Task directions
The response must contain every line of the records that follow, duplicated exactly.
[Start of section]
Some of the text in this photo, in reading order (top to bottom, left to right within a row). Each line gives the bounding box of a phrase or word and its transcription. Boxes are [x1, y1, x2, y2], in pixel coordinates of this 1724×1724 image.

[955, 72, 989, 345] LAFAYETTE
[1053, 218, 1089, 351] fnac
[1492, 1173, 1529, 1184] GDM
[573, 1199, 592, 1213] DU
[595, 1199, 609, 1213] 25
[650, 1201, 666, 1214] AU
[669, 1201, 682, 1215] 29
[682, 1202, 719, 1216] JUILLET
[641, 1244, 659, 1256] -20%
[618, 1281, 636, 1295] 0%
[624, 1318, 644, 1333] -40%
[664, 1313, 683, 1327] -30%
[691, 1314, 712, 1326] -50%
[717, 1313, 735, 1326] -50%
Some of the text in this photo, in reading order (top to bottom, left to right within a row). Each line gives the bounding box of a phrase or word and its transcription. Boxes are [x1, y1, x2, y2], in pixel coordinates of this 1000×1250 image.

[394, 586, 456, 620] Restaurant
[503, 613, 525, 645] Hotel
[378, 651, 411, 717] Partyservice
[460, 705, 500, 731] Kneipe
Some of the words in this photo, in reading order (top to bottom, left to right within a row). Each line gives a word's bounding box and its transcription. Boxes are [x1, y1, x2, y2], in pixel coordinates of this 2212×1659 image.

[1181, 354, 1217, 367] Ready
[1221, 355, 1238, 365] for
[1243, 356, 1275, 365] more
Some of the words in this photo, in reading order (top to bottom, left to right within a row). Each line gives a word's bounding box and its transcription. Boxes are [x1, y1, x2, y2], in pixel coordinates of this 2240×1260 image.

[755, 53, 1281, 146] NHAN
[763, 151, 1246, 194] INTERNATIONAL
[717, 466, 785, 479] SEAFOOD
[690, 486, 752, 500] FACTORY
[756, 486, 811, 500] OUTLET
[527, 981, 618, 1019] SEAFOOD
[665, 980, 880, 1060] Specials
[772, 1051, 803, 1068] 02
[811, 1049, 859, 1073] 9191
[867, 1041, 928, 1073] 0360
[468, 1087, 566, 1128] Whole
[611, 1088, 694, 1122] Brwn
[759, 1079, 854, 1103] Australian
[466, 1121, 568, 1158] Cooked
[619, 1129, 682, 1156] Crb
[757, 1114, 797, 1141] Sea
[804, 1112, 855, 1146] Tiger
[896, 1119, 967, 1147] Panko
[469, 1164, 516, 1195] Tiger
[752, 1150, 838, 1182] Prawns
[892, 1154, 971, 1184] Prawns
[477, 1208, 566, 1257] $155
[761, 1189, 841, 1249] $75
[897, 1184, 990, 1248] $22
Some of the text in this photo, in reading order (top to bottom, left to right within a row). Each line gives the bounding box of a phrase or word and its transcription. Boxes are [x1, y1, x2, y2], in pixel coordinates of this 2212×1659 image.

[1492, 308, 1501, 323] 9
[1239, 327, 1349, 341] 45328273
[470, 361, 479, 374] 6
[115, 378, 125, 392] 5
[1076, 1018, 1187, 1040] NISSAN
[End of section]
Task answer
Some of the text in this photo, in reading order (top to bottom, left to right within a row). Each line gives the bounding box of a phrase or word and its transcription. Boxes are [x1, y1, x2, y2], in pixel coordinates of this 1724×1724 image.

[955, 72, 989, 345] LAFAYETTE
[1053, 218, 1089, 351] fnac
[1492, 1173, 1529, 1184] GDM
[573, 1199, 592, 1213] DU
[595, 1199, 609, 1213] 25
[650, 1201, 666, 1214] AU
[669, 1201, 682, 1215] 29
[682, 1202, 719, 1216] JUILLET
[641, 1244, 659, 1256] -20%
[618, 1281, 636, 1295] 0%
[624, 1318, 644, 1333] -40%
[664, 1313, 683, 1327] -30%
[691, 1314, 712, 1326] -50%
[717, 1313, 735, 1326] -50%
Some of the text in this photo, in reading order (top to bottom, left to right within a row). Each line gives the bounding box of a phrase or word and its transcription. Boxes are [x1, y1, x2, y2], in pixel coordinates of this 1000×1250 image.

[394, 586, 456, 620] Restaurant
[503, 613, 525, 645] Hotel
[378, 651, 411, 717] Partyservice
[460, 705, 500, 731] Kneipe
Some of the words in this photo, in reading order (top to bottom, left to right within a row). Each line gives a word's bounding box and its transcription. Boxes are [x1, y1, x2, y2], in pixel coordinates of this 2212×1659 image.

[1181, 354, 1217, 367] Ready
[1221, 355, 1238, 365] for
[1243, 356, 1275, 365] more
Some of the words in this photo, in reading order (top to bottom, left to right within a row). Each line gives a word's bounding box and its transcription. Boxes are [x1, y1, x2, y2], in pixel coordinates of this 2240×1260 image.

[755, 53, 1281, 146] NHAN
[763, 151, 1246, 194] INTERNATIONAL
[717, 466, 785, 479] SEAFOOD
[690, 486, 752, 500] FACTORY
[756, 486, 811, 500] OUTLET
[527, 981, 618, 1019] SEAFOOD
[665, 980, 880, 1060] Specials
[772, 1051, 803, 1068] 02
[811, 1049, 859, 1073] 9191
[867, 1041, 928, 1073] 0360
[468, 1087, 566, 1128] Whole
[611, 1088, 694, 1122] Brwn
[759, 1079, 854, 1103] Australian
[466, 1121, 568, 1158] Cooked
[619, 1129, 682, 1156] Crb
[757, 1114, 797, 1141] Sea
[804, 1112, 855, 1146] Tiger
[896, 1119, 967, 1147] Panko
[469, 1164, 516, 1195] Tiger
[752, 1150, 838, 1182] Prawns
[892, 1154, 971, 1184] Prawns
[477, 1208, 566, 1257] $155
[761, 1189, 841, 1249] $75
[897, 1184, 990, 1248] $22
Some of the text in this photo, in reading order (top to bottom, left to right within a row). Each line gives the bounding box of a phrase or word and its transcription. Boxes are [x1, y1, x2, y2], in pixel coordinates of this 2212×1659 image.

[1492, 308, 1501, 323] 9
[1239, 327, 1349, 341] 45328273
[470, 361, 479, 374] 6
[115, 378, 125, 392] 5
[1076, 1018, 1187, 1040] NISSAN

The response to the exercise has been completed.